The council revealed the £12,205 legal costs of the action as it hit back at criticism from North Tees and Hartlepool NHS Foundation Trust following last week’s court hearing.

This could have been avoided if the hospital trust had agreed to our reasonable requests

Gill Alexander, Chief Executive Hartlepool Borough Council

Licensed fertility services provided at Hartlepool hospital’s Assisted Reproduction Unit (ARU) were given a temporary reprieve last week when both sides agreed to take part in a consultation about the unit’s future.

The health trust was critical of the council, which it said had wasted public funds on action it felt was unnecessary.

But the council says the trust could have prevented it if it had taken part in meaningful discussion including attending three public council meetings when the trust’s chairman and chief executive both failed to turn up.

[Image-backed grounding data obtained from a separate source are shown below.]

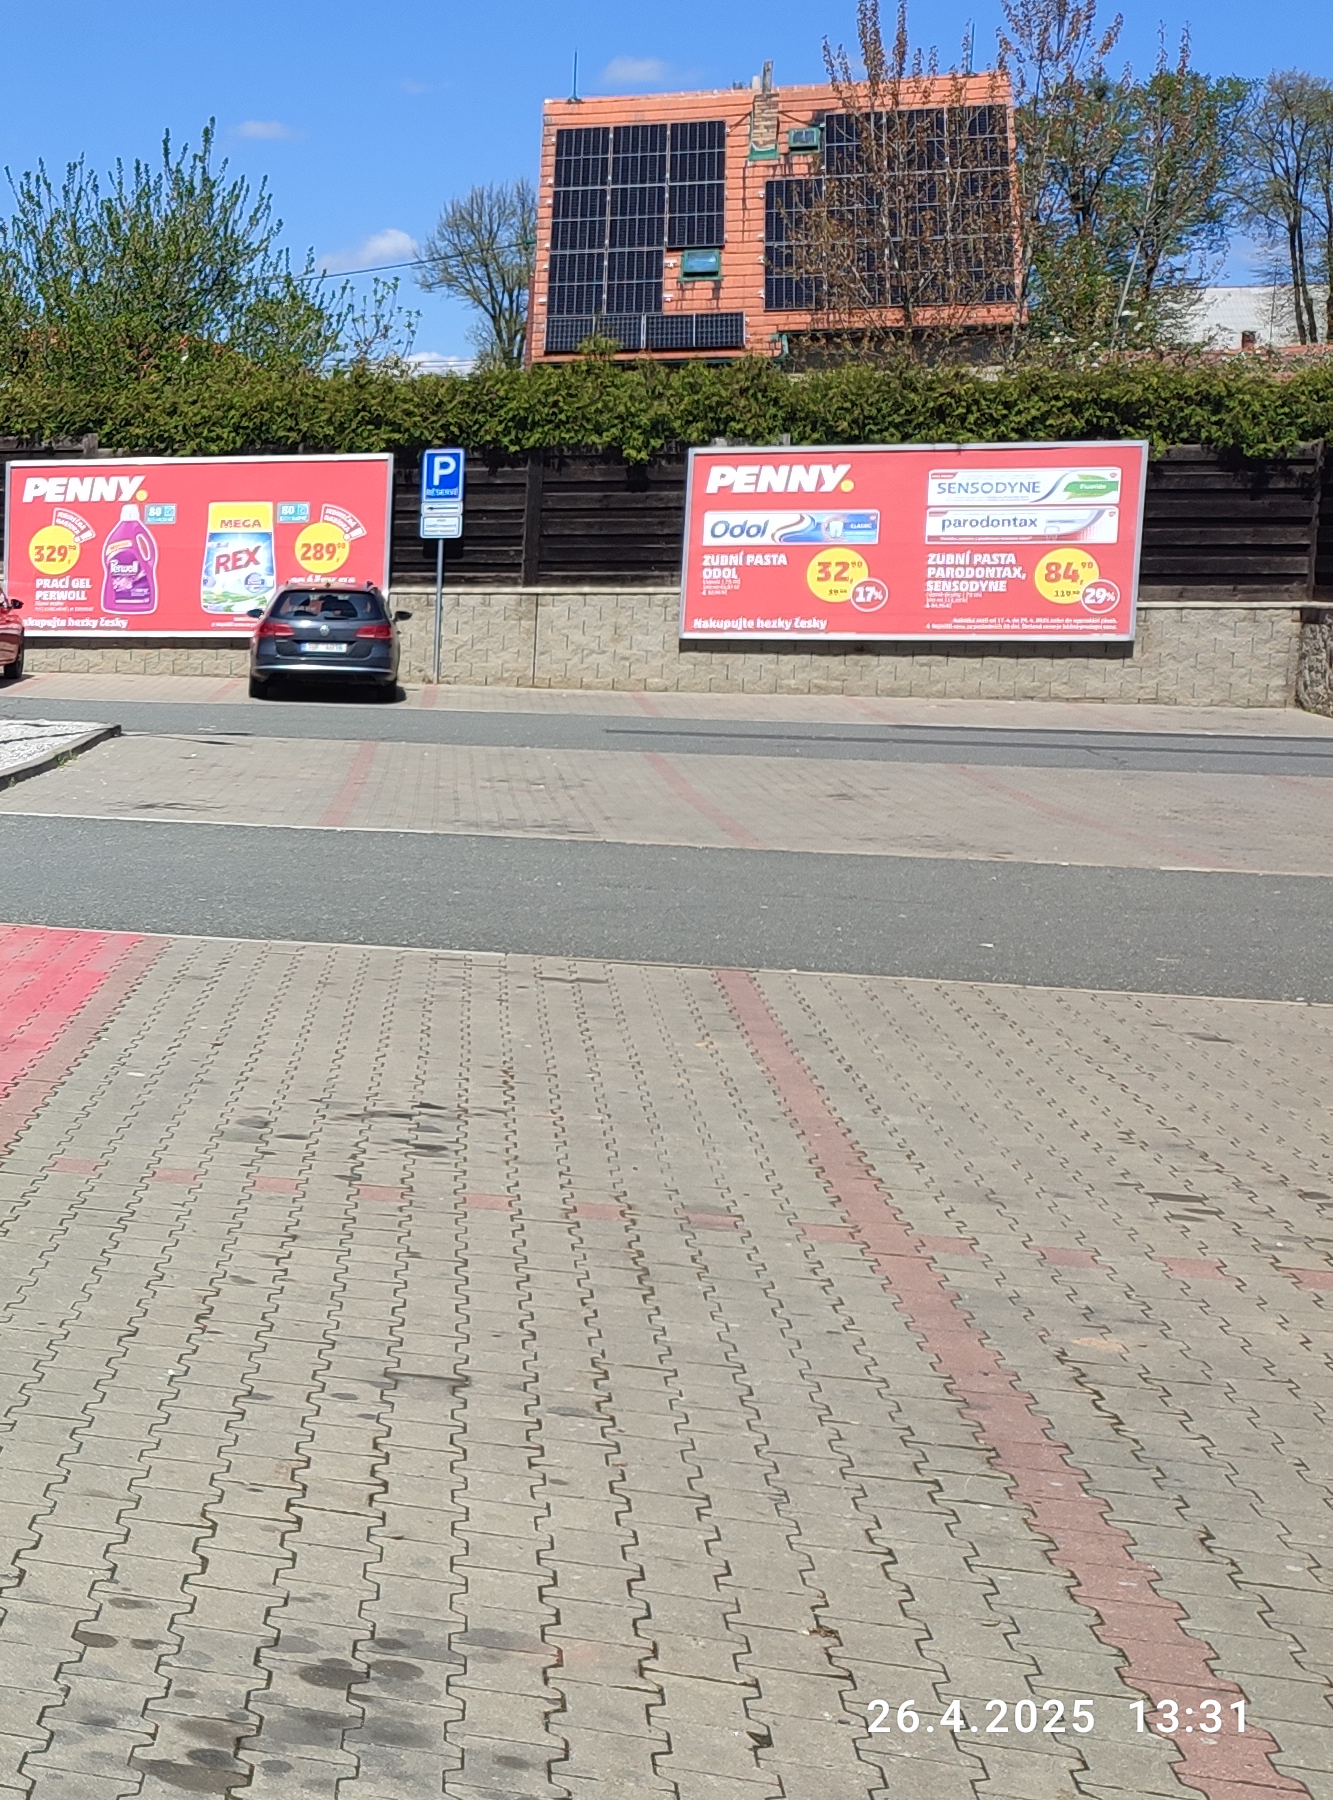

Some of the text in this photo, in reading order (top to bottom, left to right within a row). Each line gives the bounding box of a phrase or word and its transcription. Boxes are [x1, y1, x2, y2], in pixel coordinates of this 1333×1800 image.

[433, 456, 456, 486] P
[937, 481, 1041, 494] SENSODYNE
[710, 519, 769, 539] Odol
[941, 516, 1037, 532] parodontax
[215, 545, 261, 575] REX
[702, 551, 787, 566] ZUBNÍ PASTA
[927, 550, 1016, 565] ZUBNÍ PASTA
[702, 568, 738, 579] ODOL
[35, 576, 92, 588] PRACÍ GEL
[926, 580, 1007, 592] SENSODYNE
[35, 590, 87, 600] PERWOLL
[855, 586, 883, 603] 17%
[1085, 587, 1115, 604] 29%
[693, 617, 827, 630] Nakupujte hezky česky

Gill Alexander, Hartlepool council chief executive, said: “It is extremely disappointing that the council had to take High Court action, and this could have been avoided if the hospital trust had agreed to our reasonable requests, which were made in correspondence and also publicly at a meeting of the council’s Audit and Governance Committee.

“We have spent over £12,000 of taxpayers’ money and it is regrettable that the trust only acknowledged the council’s concerns and the need for public consultation through court action.

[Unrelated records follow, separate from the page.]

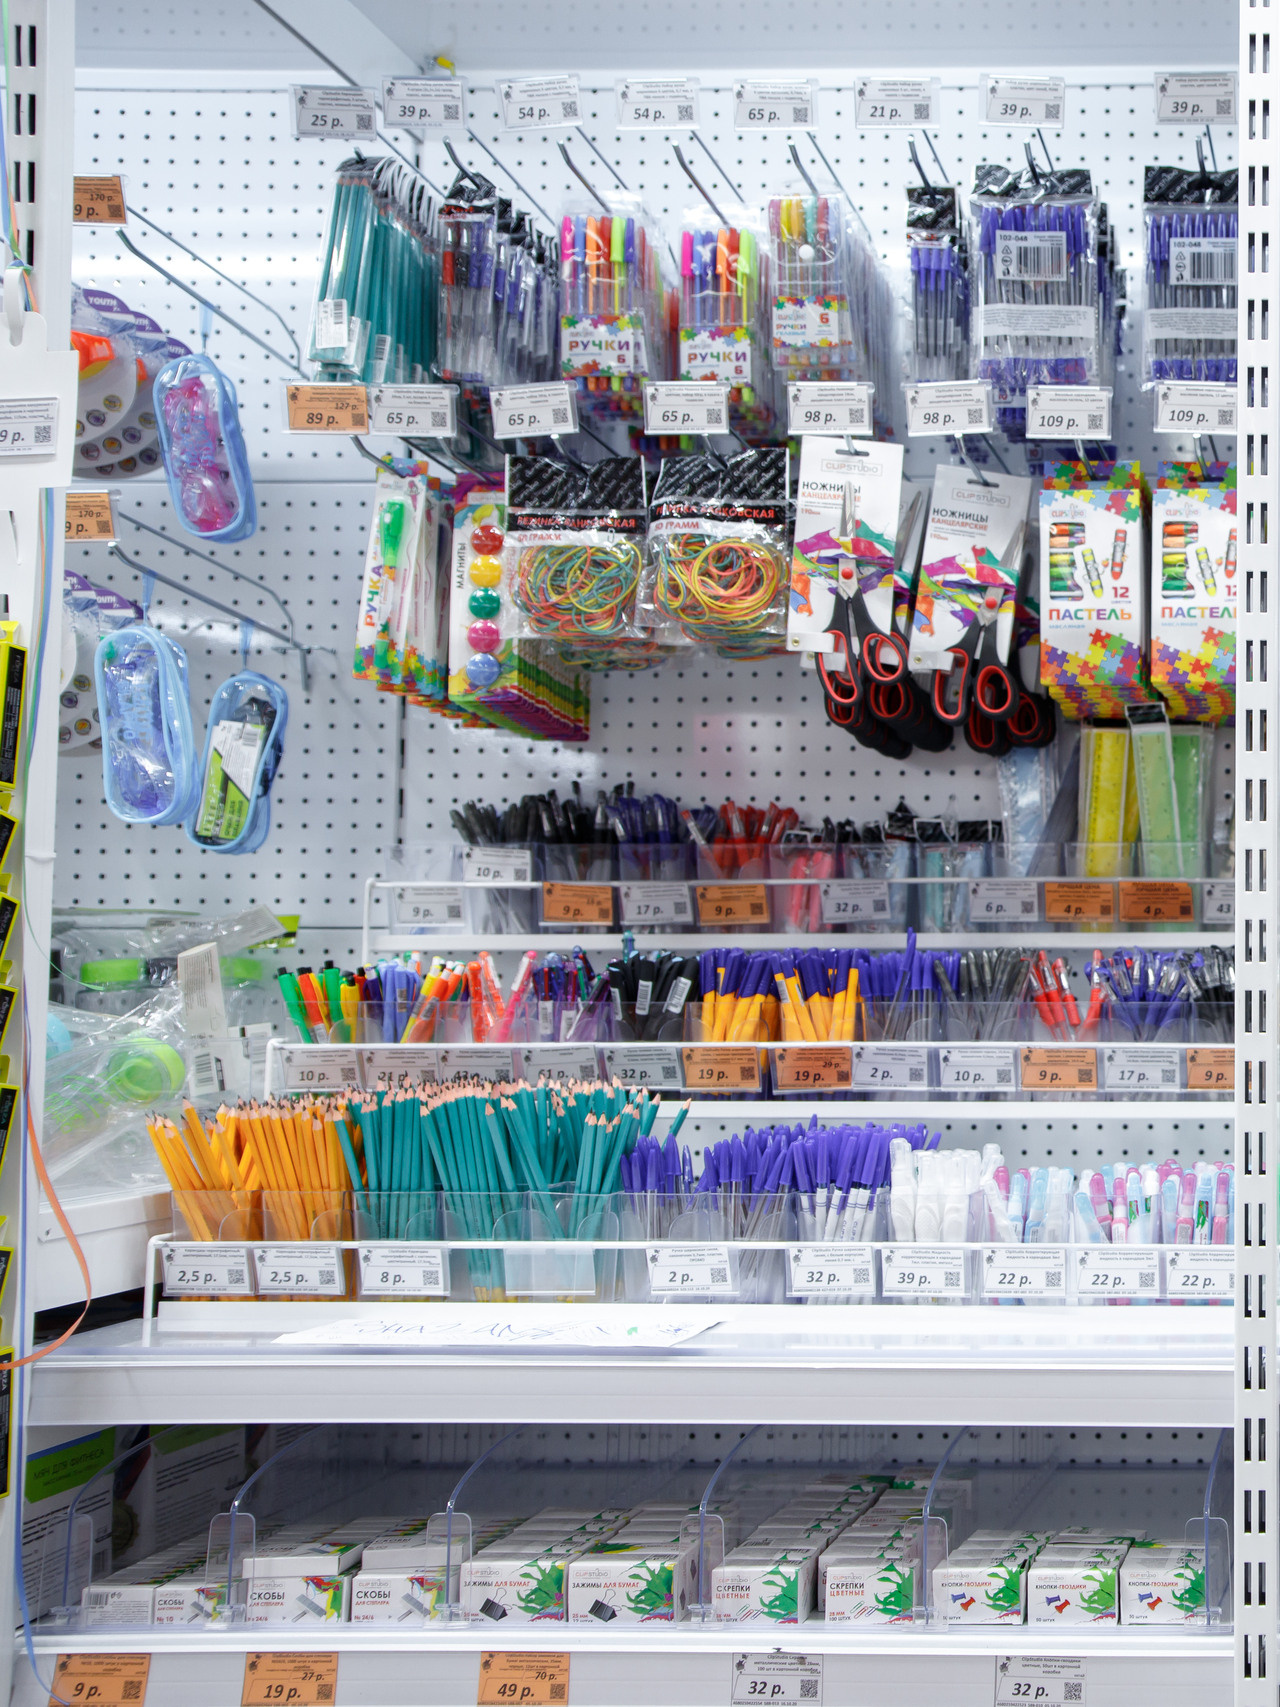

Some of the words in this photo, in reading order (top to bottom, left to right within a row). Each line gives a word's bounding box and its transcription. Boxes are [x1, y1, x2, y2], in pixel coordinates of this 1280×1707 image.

[399, 105, 415, 117] 39
[419, 109, 430, 120] р.
[634, 108, 649, 120] 54
[653, 110, 665, 122] р.
[870, 106, 884, 117] 21
[889, 109, 901, 120] р.
[1172, 101, 1188, 113] 39
[1191, 104, 1203, 115] р.
[88, 296, 117, 306] YOUTH
[569, 340, 630, 351] РУЧКИ
[616, 354, 626, 363] 6
[687, 352, 747, 363] РУЧКИ
[734, 366, 743, 375] 6
[306, 412, 323, 424] 89
[326, 416, 338, 427] р.
[387, 412, 403, 424] 65
[406, 416, 418, 426] р.
[805, 411, 821, 422] 98
[824, 413, 836, 424] р.
[1039, 415, 1063, 427] 109
[1066, 418, 1078, 430] р.
[826, 460, 878, 474] CLIPSTUDIO
[802, 481, 861, 493] НОЖНИЫ
[956, 490, 1006, 505] CLIPSTUDIO
[933, 508, 988, 523] НОЖНИЦЫ
[665, 521, 699, 530] ГРАММ
[932, 517, 988, 531] КАНЦЕЛЯРСКИЕ
[456, 542, 466, 589] МАГНИТЫ
[364, 565, 383, 627] РУЧКА
[1112, 587, 1129, 598] 12
[1049, 608, 1132, 621] ПАСТЕЛЬ
[637, 905, 650, 915] 17
[653, 906, 663, 916] р.
[300, 1070, 314, 1081] 10
[318, 1072, 329, 1083] р.
[955, 1071, 970, 1081] 10
[973, 1073, 984, 1083] р.
[178, 1270, 199, 1284] 2,5
[204, 1273, 216, 1284] р.
[380, 1271, 389, 1283] 8
[393, 1274, 405, 1285] р.
[806, 1271, 823, 1283] 32
[827, 1273, 840, 1285] р.
[1182, 1275, 1199, 1286] 22
[1203, 1278, 1215, 1289] р.
[33, 1469, 51, 1481] МЯЧ
[52, 1462, 68, 1475] ДЛЯ
[69, 1448, 105, 1470] ФИТНЕСА
[250, 1592, 285, 1601] СКОБЫ
[356, 1591, 391, 1599] СКОБЫ
[157, 1599, 185, 1607] СКОБЫ
[73, 1682, 84, 1697] 9
[86, 1686, 101, 1700] р.
[497, 1683, 517, 1697] 49
[520, 1687, 534, 1700] р.
[748, 1681, 767, 1694] 32
[771, 1684, 784, 1698] р.
[1012, 1683, 1031, 1696] 32
[1035, 1687, 1048, 1699] р.

“The council firmly believes that its actions were justified and correct, as proven by the outcome at court.”

At last Tuesday’s hearing, a consent order was made, which requires the hospital trust to undertake meaningful consultation over the future of licensed fertility services and ordered the unit to stay open until at least the end of July.

Ms Alexander added: “It is frustrating however, that we have been criticised for the action we took in seeking to protect vital hospital services in the town.

“We now earnestly hope that the trust and all other stakeholders actively engage in the consultation process and that there are outcomes which protect this vital service.”

A quarter of the costs are being met by the council’s Audit and Governance Committee, which has a dedicated budget to scrutinise decisions and hold organisations to account.

The remainder will be met from the council’s General Fund.

A spokesman for the North Tees and Hartlepool NHS Foundation Trust said: “We have been openly engaging with Hartlepool Council since January on the options available for licensed fertility services and at no point have we put any staff at notice of redundancy.”